I’ll probably need some or all of these pointers the next time I dig this tablet out of my pile of hardware. For now, I return it to the pile… where I noticed an unpleasant surprise.

Disable HP Stream 7 Battery Drivers When Externally Powered

I gave up trying to run my HP Stream 7 tablet on external DC power with the battery unplugged. The system is built with a high level of integration and it has become unreliable and too much of a headache to try running the hardware in a configuration it was not designed for. So I plugged the battery back in and installed Windows 10 again. And this time, the Intel chipset driver package installed successfully.

This was a surprise, because I thought my driver problems were caused by hardware I damaged when I soldered wires for direct DC power. Plugging in the battery allowed these drivers to install. And the driver package is definitely doing some good, because idle power draw with screen on minimum brightness has dropped from nearly 10W to just under 2W. This is a huge improvement in power efficiency!

So I wanted the drivers for low power operation, but maybe I don’t need every driver in the package. I went into device manager to poke around and found the key to my adventure: The “Batteries” section and more importantly the “Micro ACPI-Compliant Control Method Battery” device. This must have been the driver that rendered the system unbootable once I unplugged the battery — as an integrated system, there’s no reason for the driver to account for the possibility that the user would unplug the battery!

But now that I see this guy exists, I think perhaps it is part of the mechanism that outsmarted me and was skeptical running on external power. I disabled the drivers in the “Batteries” section and rebooted. I reconnected the external power supply keeping battery at 3.7V. Disabling the battery power related drivers were the key to around-the-clock operation. With the battery device absent from the driver roster, there’s nothing to tell the system to shut down due to low battery. But since the battery hardware is present, the driver package could load and run and there’s something to buffer sharp power draws like plugging in USB hardware. This configuration was successful running for a week of continuous operation.

Drawing a modest two watts while idle, this tablet can now be used as anything from a data dashboard, to a digital picture frame, or any other project I might want to do in the future. I don’t know what it will be yet, but I want to make sure I write down a few things I don’t want to forget.
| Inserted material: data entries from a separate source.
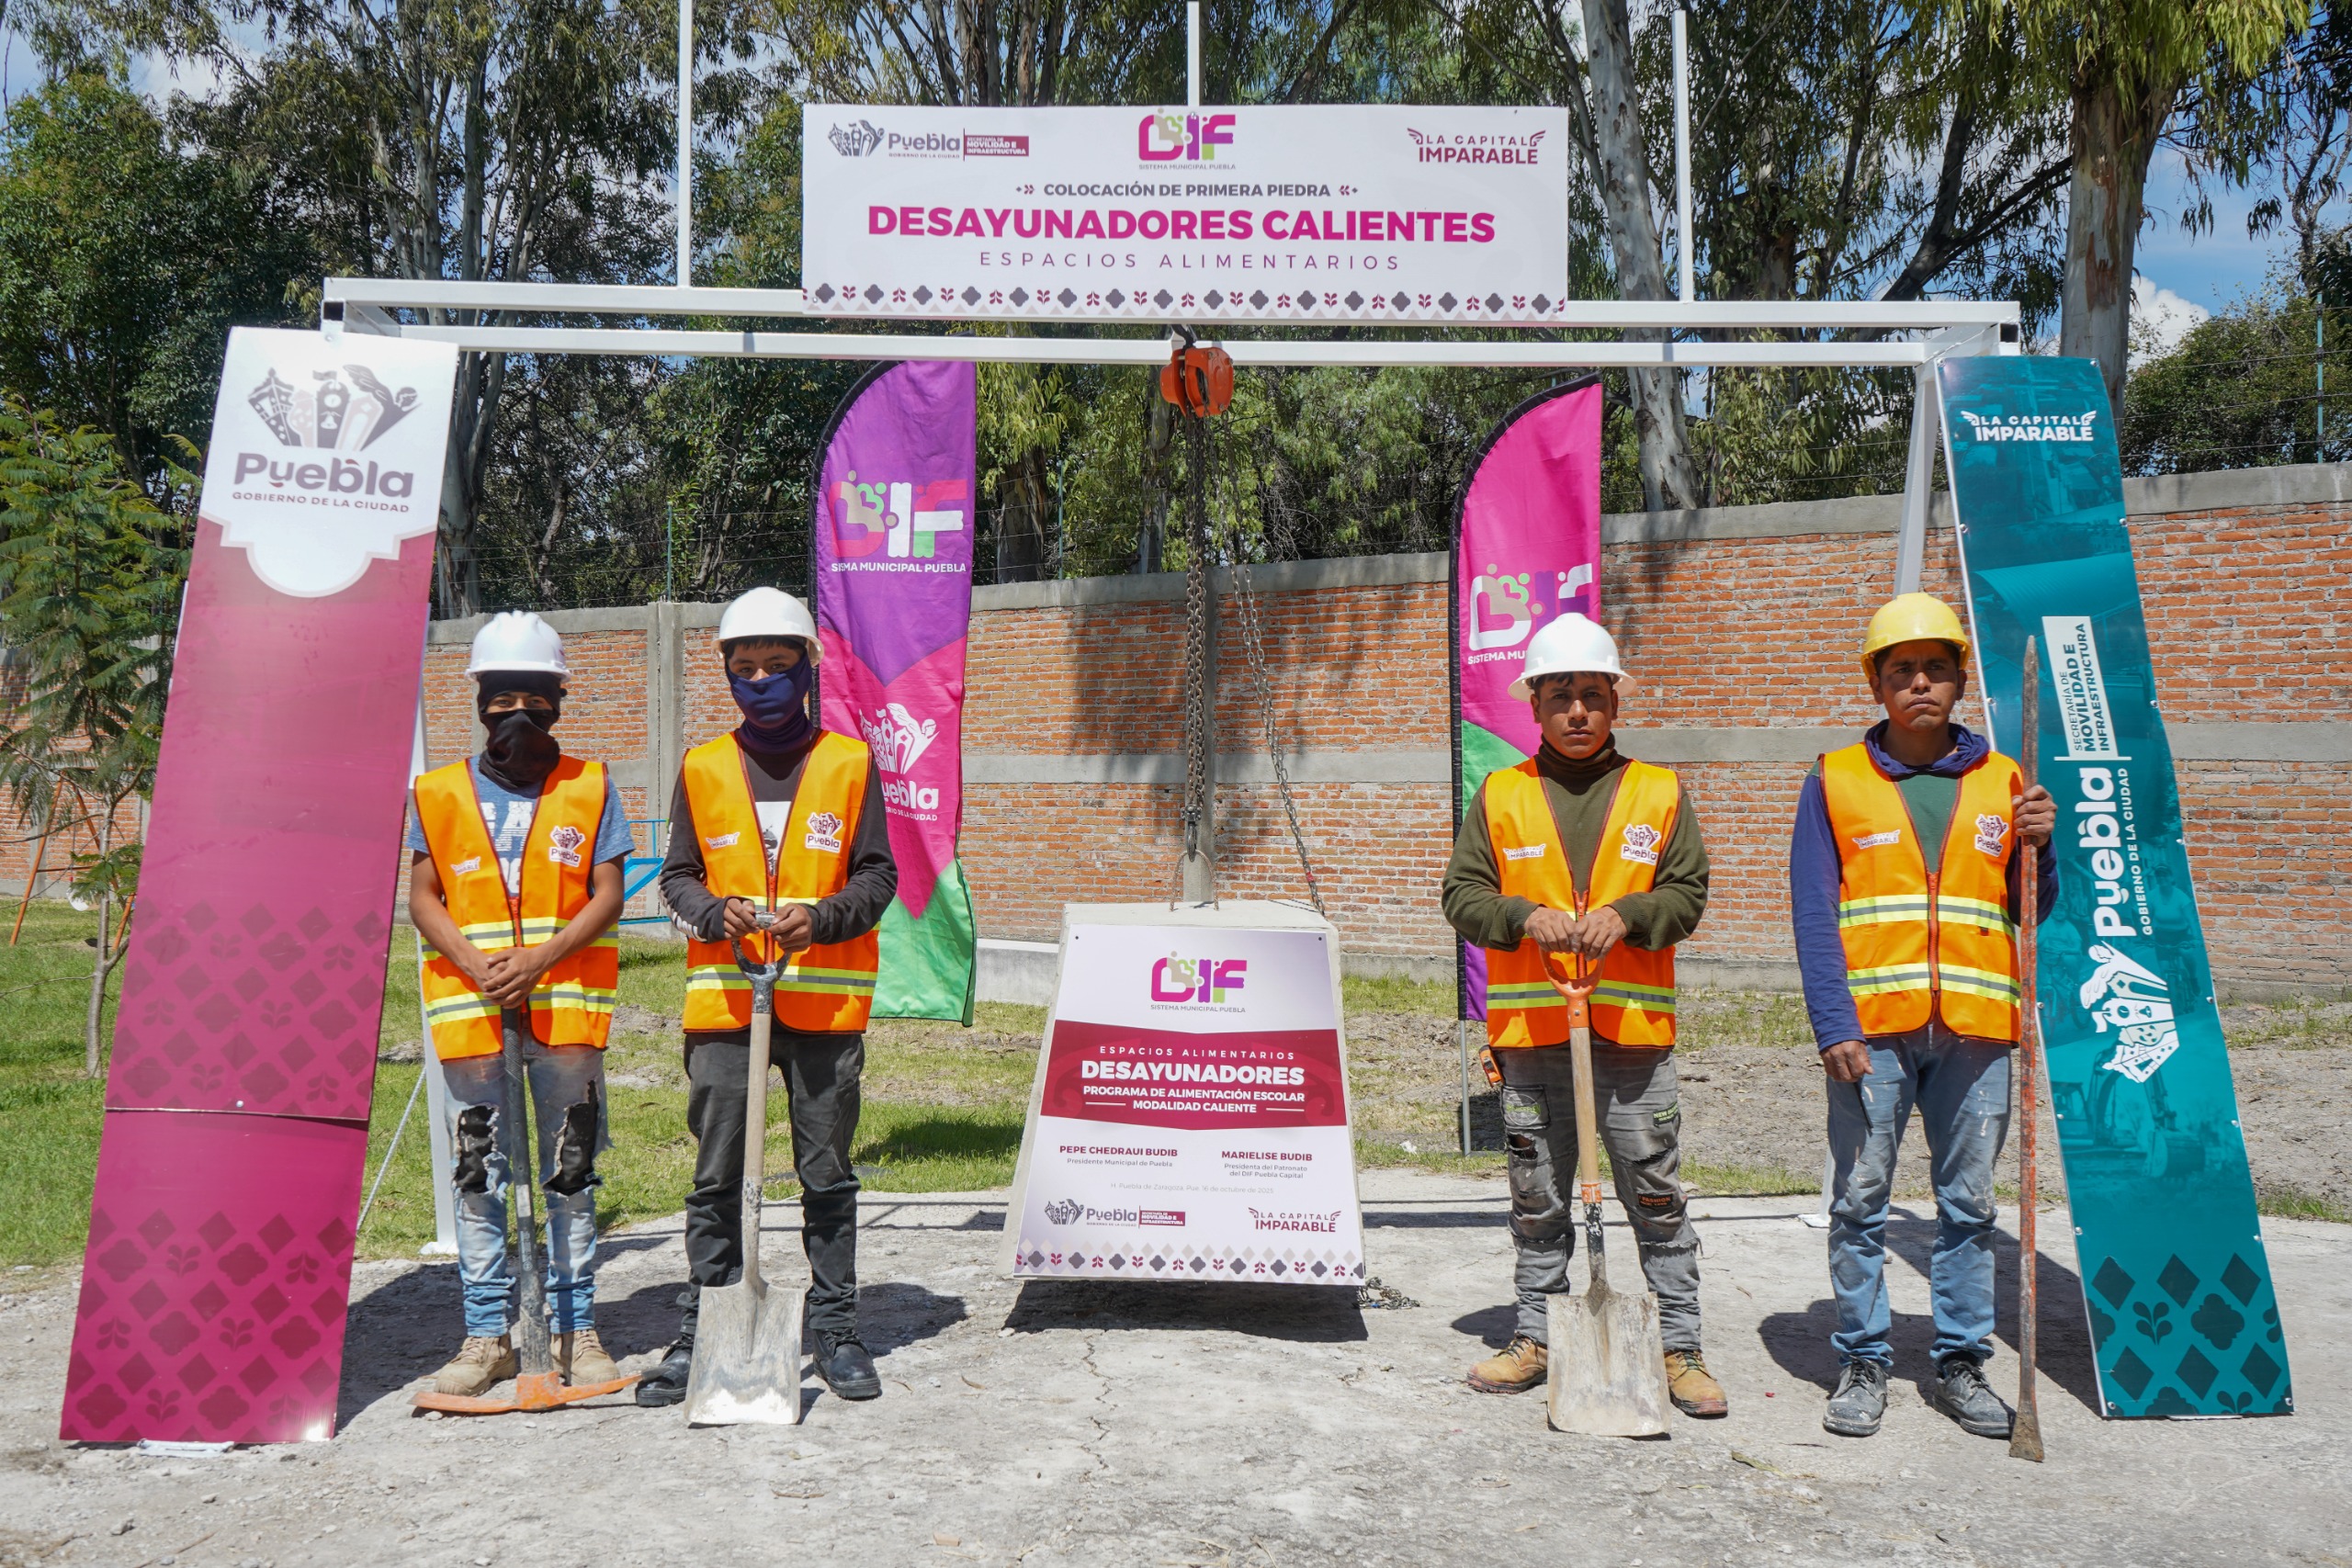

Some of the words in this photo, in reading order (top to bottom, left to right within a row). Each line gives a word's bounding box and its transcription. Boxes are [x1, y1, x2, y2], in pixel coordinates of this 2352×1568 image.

[888, 133, 960, 152] Puebla
[1427, 135, 1445, 144] LA
[1454, 135, 1528, 146] CAPITAL
[1419, 147, 1538, 164] IMPARABLE
[1044, 181, 1155, 197] COLOCACIÓN
[1159, 184, 1182, 197] DE
[1185, 184, 1263, 197] PRIMERA
[1267, 184, 1331, 197] PIEDRA
[868, 206, 1253, 240] DESAYUNADORES
[1262, 210, 1495, 243] CALIENTES
[980, 252, 1136, 268] ESPACIOS
[1159, 254, 1398, 270] ALIMENTARIOS
[1981, 415, 2002, 425] LA
[2008, 415, 2081, 425] CAPITAL
[1975, 426, 2094, 442] IMPARABLE
[233, 452, 414, 499] Puebla
[232, 491, 307, 504] GOBIERNO
[311, 497, 329, 506] DE
[334, 499, 350, 508] LA
[354, 501, 410, 513] CIUDAD
[859, 562, 922, 572] MUNICIPAL
[924, 563, 967, 573] PUEBLA
[2063, 644, 2076, 655] E
[1467, 651, 1506, 665] SISTEMA
[2060, 671, 2070, 685] DE
[2075, 623, 2110, 751] INFRAESTRUCTURA
[2067, 657, 2097, 752] MOVILIDAD
[2062, 687, 2084, 751] SECRETARÍA
[882, 779, 939, 810] uebla
[2118, 768, 2134, 820] CIUDAD
[2125, 823, 2137, 840] LA
[808, 835, 840, 848] Puebla
[1623, 845, 1657, 861] Puebla
[2075, 767, 2137, 937] Puebla
[2128, 844, 2140, 861] DE
[2131, 864, 2153, 936] GOBIERNO
[1100, 1046, 1172, 1056] ESPACIOS
[1182, 1049, 1295, 1060] ALIMENTARIOS
[1081, 1060, 1305, 1086] DESAYUNADORES
[1083, 1086, 1148, 1097] PROGRAMA
[1150, 1088, 1165, 1097] DE
[1168, 1089, 1251, 1100] ALIMENTACIÓN
[1253, 1091, 1305, 1102] ESCOLAR
[1133, 1100, 1201, 1111] MODALIDAD
[1203, 1102, 1257, 1113] CALIENTE
[1059, 1145, 1087, 1154] PEPE
[1089, 1146, 1143, 1156] CHEDRAUI
[1146, 1148, 1178, 1156] BUDIB
[1221, 1151, 1278, 1160] MARIELISE
[1280, 1153, 1313, 1161] BUDIB
[1086, 1208, 1137, 1222] Puebla
[1280, 1213, 1329, 1221] CAPITAL
[1255, 1220, 1337, 1233] IMPARABLE
HP Stream 7 Really Wants Its Battery

I’ve been trying to get a HP Stream 7 tablet running in a way suitable to use as a future project user interface or maybe a data dashboard. Meaning I wanted it to run on external power indefinitely even though it could not do so on USB power alone. When I supplied power directly to the battery it would shut down after some time. The current session deals with disconnecting the battery and feeding the tablet DC directly, but this machine was designed to run with a battery and it really, really wanted its battery.
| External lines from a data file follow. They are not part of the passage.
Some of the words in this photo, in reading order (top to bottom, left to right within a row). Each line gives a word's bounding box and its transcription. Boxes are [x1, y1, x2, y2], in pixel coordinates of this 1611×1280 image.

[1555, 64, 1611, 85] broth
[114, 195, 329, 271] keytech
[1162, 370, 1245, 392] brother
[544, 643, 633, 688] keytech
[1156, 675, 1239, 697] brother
While I could feed it DC power and it would power up, it would intermittently complain about its battery being very low. This must be in hardware because it would occur when booting into either Windows or a Debian distribution of Linux. This shouldn’t be an input voltage problem, as my bench power supply should be keeping it at 3.7V. But there’s something trigging this error message upon startup and I have to retry rebooting several times before operation would resume:

HP Battery Alert

The system has detected the storage capacity of the battery stated below to be very low. For optimal performance, please attach the power adapter to charge the battery over 3%, and then re-power on the unit.
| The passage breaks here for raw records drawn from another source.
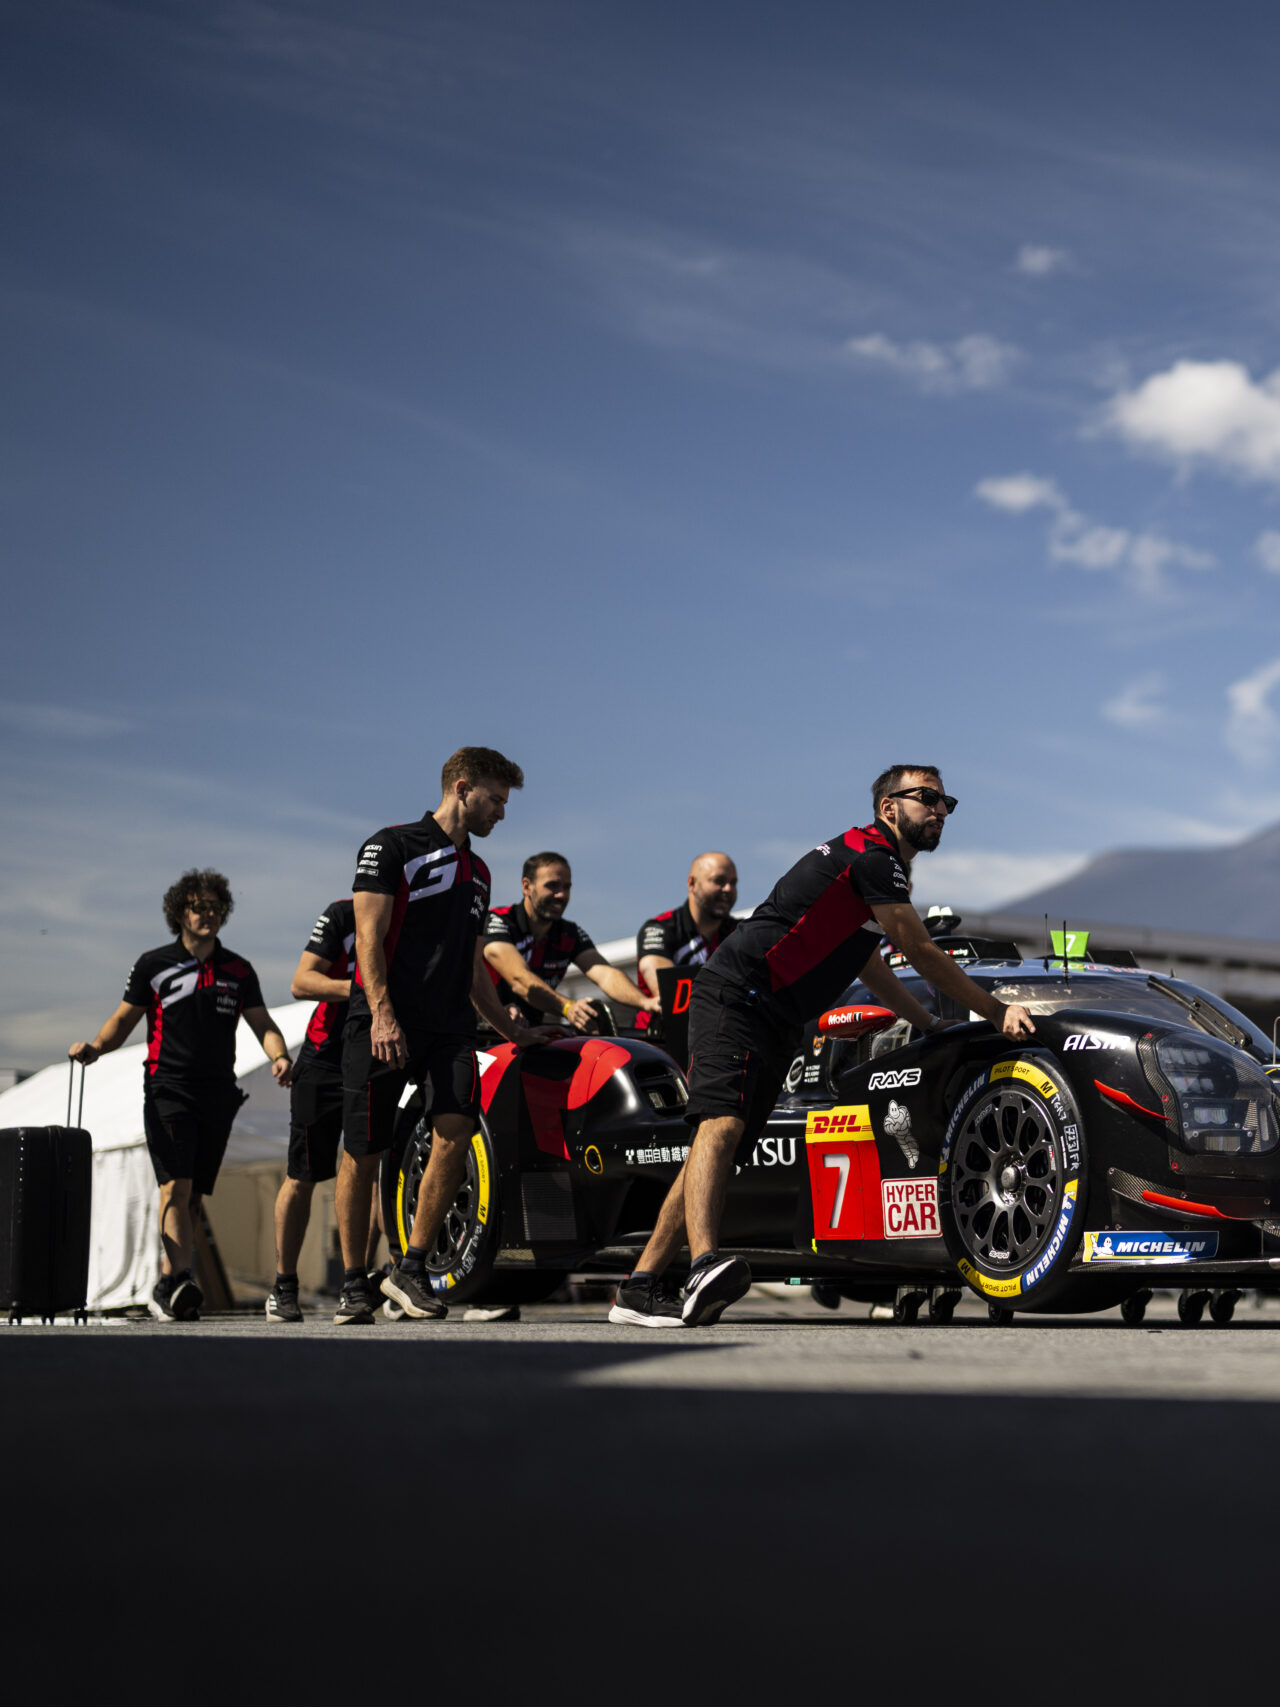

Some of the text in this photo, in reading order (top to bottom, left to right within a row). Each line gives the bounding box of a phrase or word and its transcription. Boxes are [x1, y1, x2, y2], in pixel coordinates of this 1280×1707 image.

[1065, 934, 1076, 952] 7
[828, 1012, 852, 1026] Mobil
[868, 1068, 922, 1090] RAYS
[994, 1065, 1054, 1095] PILOT SPORT M
[946, 1073, 986, 1144] MICHELIN
[813, 1114, 862, 1134] DHL
[822, 1153, 850, 1229] 7
[886, 1183, 936, 1203] HYPER
[888, 1202, 938, 1233] CAR
[1026, 1213, 1069, 1286] MICHELIN
[1116, 1241, 1207, 1253] MICHELIN
Primary (internal) Battery

Currently Capacity: 2 %

System will auto-shutdown after 10 second

Perhaps my bench power supply isn’t as steady as I assume it is. Perhaps there are problems keeping up with changes in power demand and that would occasionally manifest as a dip in voltage that triggers the battery alert. Another symptom that supports the hypothesis is the fact I couldn’t use USB peripherals while running on the bench power supply. When I plug in a USB peripheral, the screen goes black and the system resets, consistent with a power brownout situation.

So to make the hardware happy and to support sudden spikes in power requirements, I really need to plug the battery back in. Trying to run without battery was a fun experiment but more importantly it gave me an idea on running this tablet on continuous external power: silence the battery driver.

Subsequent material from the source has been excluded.